▸ What to do:
Please reproduce the entries exactly, skipping each picture.
··· Data shown
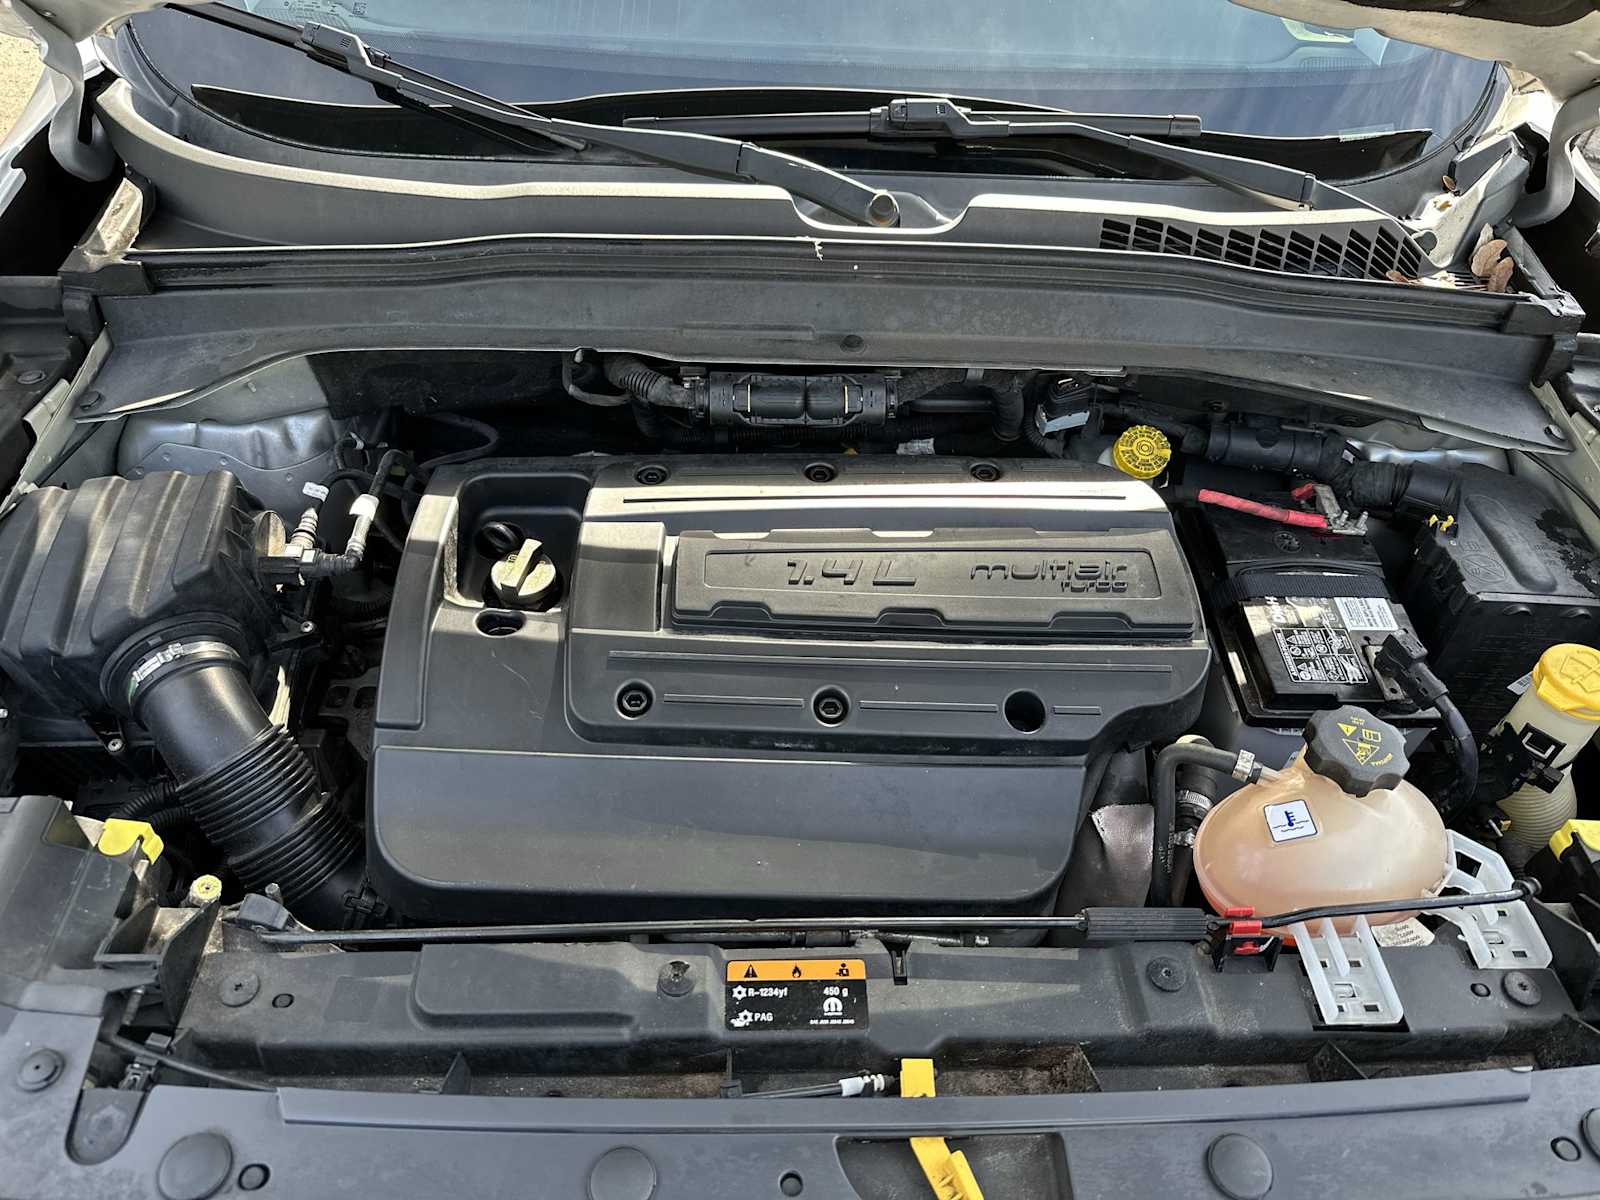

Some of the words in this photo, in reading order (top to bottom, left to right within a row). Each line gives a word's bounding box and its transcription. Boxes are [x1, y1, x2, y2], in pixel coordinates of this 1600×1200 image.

[970, 560, 1128, 580] multiair
[1060, 581, 1128, 593] turbo
[823, 986, 839, 996] 450
[842, 987, 848, 997] g
[754, 1012, 773, 1022] PAG
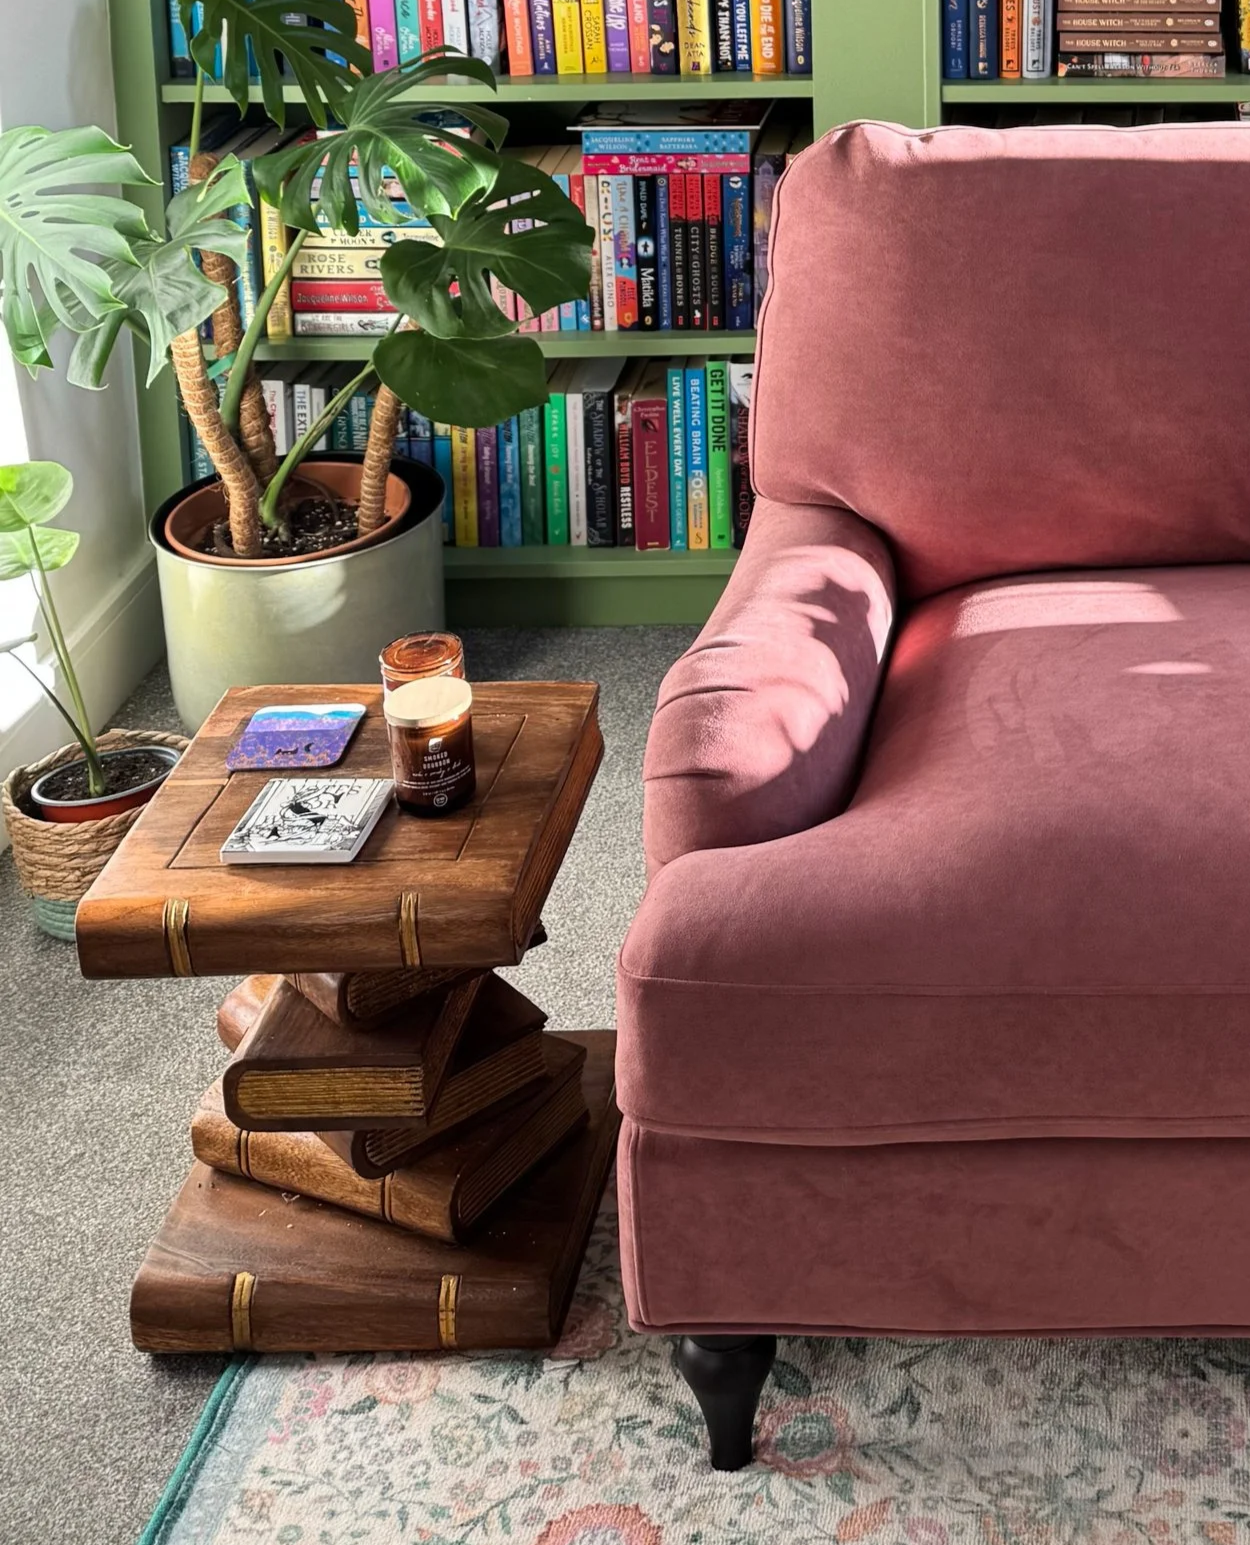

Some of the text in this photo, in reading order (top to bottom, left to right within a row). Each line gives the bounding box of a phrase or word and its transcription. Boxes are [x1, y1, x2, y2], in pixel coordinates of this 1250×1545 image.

[299, 264, 354, 275] RIVERS
[306, 254, 346, 264] ROSE
[640, 267, 653, 308] Matilda
[710, 368, 726, 452] GET IT DONE
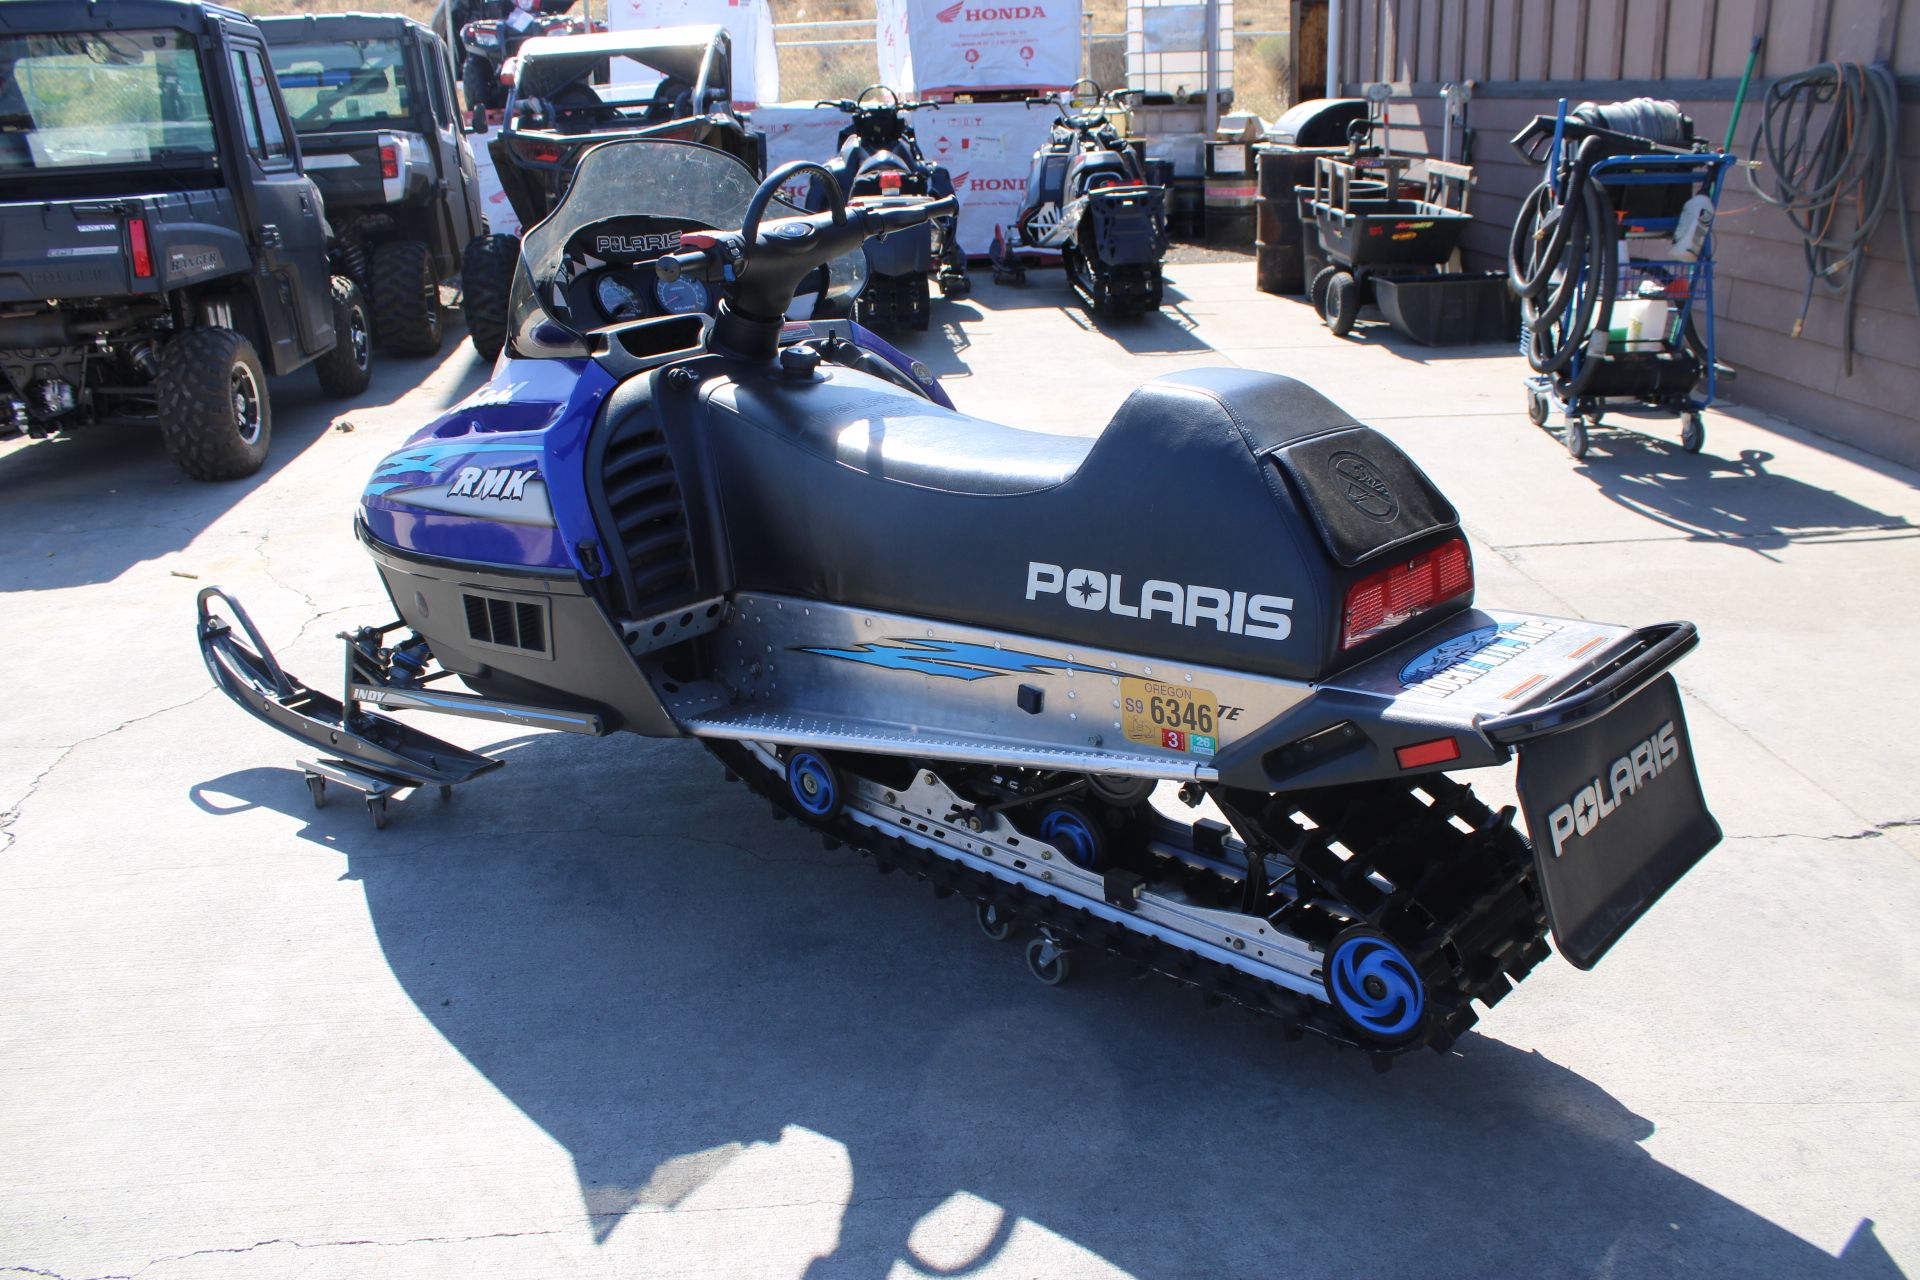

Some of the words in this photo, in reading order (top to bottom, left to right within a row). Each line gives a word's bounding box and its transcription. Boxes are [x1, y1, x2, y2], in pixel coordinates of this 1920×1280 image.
······
▸ Solution to the exercise:
Some of the words in this photo, in reading order (top to bottom, left to right within a row). Each line gives a word's bounding box and its transcription. Boxes are [x1, y1, x2, y2], in pixel coordinates of this 1600×1200 image.

[970, 560, 1128, 580] multiair
[1060, 581, 1128, 593] turbo
[823, 986, 839, 996] 450
[842, 987, 848, 997] g
[754, 1012, 773, 1022] PAG

Some of the text in this photo, in reading order (top to bottom, left to right within a row). Each line gives the bounding box of a phrase or word and its transcription. Boxes are [x1, y1, x2, y2], in pixel coordinates of this 1250×1545 image.

[299, 264, 354, 275] RIVERS
[306, 254, 346, 264] ROSE
[640, 267, 653, 308] Matilda
[710, 368, 726, 452] GET IT DONE

Some of the words in this photo, in reading order (top to bottom, left to right within a row). Each line gives a word's bounding box and its transcription. Boxes are [x1, y1, x2, y2], in pixel coordinates of this 1920×1280 image.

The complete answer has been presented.